We don’t think of ourselves as using bullying behavior, but how often do we exhibit relational bullying behavior?
What kind of a role model for handling conflict and difficult emotions are we for the kids in our lives?
It’s easy to be kind when everything is going good, but how do we treat people when we are frustrated, mad and irritated with their “wrong” behavior.
Relational Bullying Includes:
- Gossiping
- Ignoring
- Blaming and criticizing
- Getting others to side with us against someone
- Giving the silent treatment
- Humiliating and shaming someone behind their back
RELATIONAL BULLYING is often used as a way to PUNISH someone for their behavior.
Is it justified?
Jared told me about his “horrible” boss who frequently criticized and berated him and others in front of an entire group of people.

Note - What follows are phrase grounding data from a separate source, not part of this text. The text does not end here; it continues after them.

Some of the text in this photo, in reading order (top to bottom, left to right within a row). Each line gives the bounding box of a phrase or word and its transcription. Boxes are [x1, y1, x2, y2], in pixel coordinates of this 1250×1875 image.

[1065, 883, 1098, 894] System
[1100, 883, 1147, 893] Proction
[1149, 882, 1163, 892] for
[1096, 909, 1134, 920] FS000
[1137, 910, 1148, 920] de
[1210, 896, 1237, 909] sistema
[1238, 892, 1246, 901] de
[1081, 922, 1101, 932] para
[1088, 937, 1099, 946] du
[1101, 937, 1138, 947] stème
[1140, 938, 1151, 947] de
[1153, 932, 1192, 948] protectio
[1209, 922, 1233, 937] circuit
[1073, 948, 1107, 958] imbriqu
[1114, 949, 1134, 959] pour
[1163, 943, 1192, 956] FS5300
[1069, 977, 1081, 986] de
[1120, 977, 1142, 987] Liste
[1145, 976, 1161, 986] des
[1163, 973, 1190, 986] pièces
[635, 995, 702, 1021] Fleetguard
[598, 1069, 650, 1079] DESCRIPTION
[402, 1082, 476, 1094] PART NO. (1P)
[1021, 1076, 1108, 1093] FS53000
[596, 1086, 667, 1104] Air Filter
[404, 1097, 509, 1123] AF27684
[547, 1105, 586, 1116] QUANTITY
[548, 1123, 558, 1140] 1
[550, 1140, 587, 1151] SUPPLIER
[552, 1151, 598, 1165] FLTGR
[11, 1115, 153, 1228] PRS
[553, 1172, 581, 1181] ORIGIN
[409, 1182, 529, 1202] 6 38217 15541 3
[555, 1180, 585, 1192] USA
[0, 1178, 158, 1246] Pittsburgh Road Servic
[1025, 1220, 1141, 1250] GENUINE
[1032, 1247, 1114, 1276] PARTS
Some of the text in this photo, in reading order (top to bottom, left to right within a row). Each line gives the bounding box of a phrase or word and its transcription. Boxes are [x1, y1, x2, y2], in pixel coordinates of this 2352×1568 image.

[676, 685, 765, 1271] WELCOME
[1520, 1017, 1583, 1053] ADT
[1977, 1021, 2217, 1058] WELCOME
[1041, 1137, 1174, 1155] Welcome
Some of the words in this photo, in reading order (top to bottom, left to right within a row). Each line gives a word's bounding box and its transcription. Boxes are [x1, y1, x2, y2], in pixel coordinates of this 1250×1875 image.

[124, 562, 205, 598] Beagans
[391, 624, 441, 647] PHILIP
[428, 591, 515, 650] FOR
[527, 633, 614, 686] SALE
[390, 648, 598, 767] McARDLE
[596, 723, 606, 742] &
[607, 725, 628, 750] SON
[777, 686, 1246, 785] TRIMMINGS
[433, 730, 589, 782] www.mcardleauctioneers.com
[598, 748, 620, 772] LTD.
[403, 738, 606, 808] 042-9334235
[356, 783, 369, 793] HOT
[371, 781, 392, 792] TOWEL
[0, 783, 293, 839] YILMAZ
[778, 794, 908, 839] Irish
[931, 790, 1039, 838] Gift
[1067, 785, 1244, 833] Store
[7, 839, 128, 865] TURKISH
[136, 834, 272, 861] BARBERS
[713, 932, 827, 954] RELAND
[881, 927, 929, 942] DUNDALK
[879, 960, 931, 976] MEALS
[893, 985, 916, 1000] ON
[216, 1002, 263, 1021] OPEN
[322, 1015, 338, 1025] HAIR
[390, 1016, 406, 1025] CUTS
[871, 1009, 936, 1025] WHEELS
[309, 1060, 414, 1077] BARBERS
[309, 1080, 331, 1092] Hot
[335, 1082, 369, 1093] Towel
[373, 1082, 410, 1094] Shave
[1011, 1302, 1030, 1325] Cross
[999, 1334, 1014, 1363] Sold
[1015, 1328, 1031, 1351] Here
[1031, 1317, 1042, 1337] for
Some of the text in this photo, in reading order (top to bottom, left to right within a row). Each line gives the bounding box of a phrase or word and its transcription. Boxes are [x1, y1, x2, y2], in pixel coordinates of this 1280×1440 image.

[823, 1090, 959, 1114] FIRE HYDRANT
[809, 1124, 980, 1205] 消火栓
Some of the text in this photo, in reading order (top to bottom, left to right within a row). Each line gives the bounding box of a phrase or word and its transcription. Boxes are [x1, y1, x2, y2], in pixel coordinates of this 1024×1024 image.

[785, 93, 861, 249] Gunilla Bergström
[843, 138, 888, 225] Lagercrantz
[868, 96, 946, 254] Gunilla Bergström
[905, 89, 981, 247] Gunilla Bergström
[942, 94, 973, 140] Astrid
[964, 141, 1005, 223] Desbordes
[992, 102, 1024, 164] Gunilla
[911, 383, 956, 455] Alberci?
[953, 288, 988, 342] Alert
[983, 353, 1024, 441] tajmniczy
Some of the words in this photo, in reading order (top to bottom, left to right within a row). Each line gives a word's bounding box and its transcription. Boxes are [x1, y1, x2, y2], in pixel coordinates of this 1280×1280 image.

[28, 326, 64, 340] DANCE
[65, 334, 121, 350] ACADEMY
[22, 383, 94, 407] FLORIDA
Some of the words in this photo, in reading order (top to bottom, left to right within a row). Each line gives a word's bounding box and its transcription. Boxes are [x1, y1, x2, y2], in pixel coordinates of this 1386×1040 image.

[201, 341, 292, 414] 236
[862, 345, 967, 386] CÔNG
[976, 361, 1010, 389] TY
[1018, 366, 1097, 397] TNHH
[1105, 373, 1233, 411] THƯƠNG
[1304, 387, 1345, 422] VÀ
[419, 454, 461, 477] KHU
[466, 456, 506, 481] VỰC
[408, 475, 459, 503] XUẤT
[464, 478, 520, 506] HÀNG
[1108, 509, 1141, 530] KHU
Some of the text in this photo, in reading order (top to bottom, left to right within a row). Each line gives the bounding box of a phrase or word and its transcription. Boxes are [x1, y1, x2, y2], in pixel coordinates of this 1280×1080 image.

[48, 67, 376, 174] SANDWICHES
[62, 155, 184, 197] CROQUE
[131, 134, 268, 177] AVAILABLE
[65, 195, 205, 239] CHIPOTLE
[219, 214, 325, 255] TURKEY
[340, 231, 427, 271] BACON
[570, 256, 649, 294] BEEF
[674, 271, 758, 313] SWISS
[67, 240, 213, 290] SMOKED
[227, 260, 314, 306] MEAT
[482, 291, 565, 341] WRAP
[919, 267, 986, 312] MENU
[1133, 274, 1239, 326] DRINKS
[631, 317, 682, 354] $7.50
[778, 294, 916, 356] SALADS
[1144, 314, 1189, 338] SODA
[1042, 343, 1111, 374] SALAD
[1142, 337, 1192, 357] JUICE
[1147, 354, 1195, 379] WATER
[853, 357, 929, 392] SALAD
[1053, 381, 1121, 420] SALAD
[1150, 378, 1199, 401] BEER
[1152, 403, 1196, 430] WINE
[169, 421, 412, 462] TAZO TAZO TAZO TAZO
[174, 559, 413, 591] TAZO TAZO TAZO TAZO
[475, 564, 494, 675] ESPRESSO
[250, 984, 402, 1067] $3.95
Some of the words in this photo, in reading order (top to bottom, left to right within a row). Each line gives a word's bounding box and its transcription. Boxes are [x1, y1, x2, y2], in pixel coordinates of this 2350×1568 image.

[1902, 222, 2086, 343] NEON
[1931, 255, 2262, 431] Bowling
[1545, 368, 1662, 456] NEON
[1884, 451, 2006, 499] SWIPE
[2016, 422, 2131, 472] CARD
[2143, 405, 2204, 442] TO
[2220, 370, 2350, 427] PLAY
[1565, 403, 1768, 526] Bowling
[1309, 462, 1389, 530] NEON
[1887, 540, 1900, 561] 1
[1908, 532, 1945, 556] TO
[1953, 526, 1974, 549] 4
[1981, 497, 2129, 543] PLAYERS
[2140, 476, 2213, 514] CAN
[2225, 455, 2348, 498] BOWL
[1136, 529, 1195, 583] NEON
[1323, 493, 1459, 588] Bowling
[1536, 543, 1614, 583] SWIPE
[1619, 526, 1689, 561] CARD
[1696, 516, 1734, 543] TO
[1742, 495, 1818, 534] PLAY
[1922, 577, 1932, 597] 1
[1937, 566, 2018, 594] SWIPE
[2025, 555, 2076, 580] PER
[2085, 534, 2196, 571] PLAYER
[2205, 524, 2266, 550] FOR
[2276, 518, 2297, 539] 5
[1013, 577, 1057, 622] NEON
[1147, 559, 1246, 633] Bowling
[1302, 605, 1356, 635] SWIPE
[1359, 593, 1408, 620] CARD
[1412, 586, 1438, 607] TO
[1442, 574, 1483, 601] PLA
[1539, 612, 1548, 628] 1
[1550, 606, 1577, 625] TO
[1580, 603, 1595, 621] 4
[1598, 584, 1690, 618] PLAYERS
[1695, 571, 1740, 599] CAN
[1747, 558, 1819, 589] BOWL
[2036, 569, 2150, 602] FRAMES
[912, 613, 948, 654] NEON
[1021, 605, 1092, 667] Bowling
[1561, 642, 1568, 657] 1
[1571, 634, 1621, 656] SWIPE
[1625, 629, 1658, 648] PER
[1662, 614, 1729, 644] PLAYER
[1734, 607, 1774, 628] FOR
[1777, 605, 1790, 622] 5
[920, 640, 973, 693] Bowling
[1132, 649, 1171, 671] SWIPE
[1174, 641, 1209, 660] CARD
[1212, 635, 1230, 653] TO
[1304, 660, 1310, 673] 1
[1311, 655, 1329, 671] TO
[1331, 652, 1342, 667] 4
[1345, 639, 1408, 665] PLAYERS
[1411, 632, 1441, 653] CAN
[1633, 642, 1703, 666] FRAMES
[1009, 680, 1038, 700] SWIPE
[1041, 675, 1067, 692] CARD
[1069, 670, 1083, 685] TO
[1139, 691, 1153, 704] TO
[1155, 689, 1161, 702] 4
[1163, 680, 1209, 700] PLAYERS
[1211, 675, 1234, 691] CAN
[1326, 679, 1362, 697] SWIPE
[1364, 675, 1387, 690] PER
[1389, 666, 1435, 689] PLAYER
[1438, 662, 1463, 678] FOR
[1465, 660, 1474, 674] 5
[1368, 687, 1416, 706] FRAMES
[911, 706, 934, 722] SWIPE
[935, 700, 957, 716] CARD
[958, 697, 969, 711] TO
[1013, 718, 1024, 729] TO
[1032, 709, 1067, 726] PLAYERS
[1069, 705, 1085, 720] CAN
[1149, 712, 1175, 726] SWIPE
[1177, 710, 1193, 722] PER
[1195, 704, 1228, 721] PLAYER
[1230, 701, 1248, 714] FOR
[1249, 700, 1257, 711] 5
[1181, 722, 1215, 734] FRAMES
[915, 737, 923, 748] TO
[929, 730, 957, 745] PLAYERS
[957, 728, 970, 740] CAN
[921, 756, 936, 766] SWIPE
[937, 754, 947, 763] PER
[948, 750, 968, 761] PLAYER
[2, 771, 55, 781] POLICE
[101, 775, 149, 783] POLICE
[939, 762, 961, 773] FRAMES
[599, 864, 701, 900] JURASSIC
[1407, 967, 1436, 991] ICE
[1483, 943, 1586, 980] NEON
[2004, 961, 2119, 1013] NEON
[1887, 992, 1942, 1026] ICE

His boss talked to him like he was a five year old who had just done something terribly wrong, and made him want to crawl underneath a table.
It was difficult for Jared to be kind to his boss. He found himself bad mouthing his boss with every opportunity he had and to whomever would listen. He would describe in detail everything his boss had said and done, trying to get everyone to gang up on and dislike his boss.
It’s easy to be demeaning to people who mistreat us. After all, they DESERVE it, right?
Yet, we are now seeing this type of bullying behavior more and more in children and teens and it’s not healthy for relationships.
What behaviors can we change that would benefit us and help us be a better role model for others?
It’s easy for anyone to be nice to someone they feel good about.
Here are 5 tips to be kind when you don’t feel like being kind.
1. HAVE COMPASSION
Whatever the other person has or is going through in their life has caused them to be the person they are and to act the way they do. They are a human being struggling to get through life with all their insecurities, fears and problems just like we are. Everyone is fighting their own battle. They still deserve kindness.
2. Assertively tell the other person how you feel.
Keep it short and simple.
Jared could calmly and respectfully talk to his boss in private and tell him: “I didn’t appreciate it when you spoke disrespectfully to me like that in front of my co-workers. Next time I would prefer you to take me aside and let me know in a calmer and more respectful tone what you feel I did wrong.”
3. Don’t over think the situation.
After you’ve confronted someone about their behavior, you need to accept that you can choose and control your response but you can’t control their behavior. Don’t overanalyze your behavior or theirs–Thinking about the situation too much can create problems that aren’t there.
4. Limit the number of times you tell the story.
As humans, we tend to add colorful details and exaggerate the situation each time we repeat the story. This is like adding fuel to a fire and can cause more harm in the future . It also makes the situation and the person out to be more evil than they really are. Talk to one person for emotional support but stick to the objective facts without building up or enhancing the story.
5. Never get down to their level.
If you lower yourself in the way you react, then you are no different than they are. Be the absolute opposite of rude to them. Smile and be kind. Spread positive vibes; don’t waste precious energy on negative ones. Someone has to create positive ones to overcome the negative. This is something you do for your own self-respect. Always behave in a way that you can be proud of.
When we focus on kindness, our world becomes kinder; we become kinder. Kindness leads us to a happier life.
10 Reasons to be KIND even when you feel they don’t deserve it.
- Kindness makes you feel good.
- Kindness increases your empathy and compassion for others.
- Kindness makes people feel happy.
- Kindness helps people feel respected, valued, and connected to you.
- Kindness makes people want to be around us.
- Kindness increases our mental and physical health.
- Kindness has a ripple effect in the world.
- Kindness breeds tolerance and understanding.
- Kindness influences kids to be kind.
- Kindness is a gift you give both to yourself and others.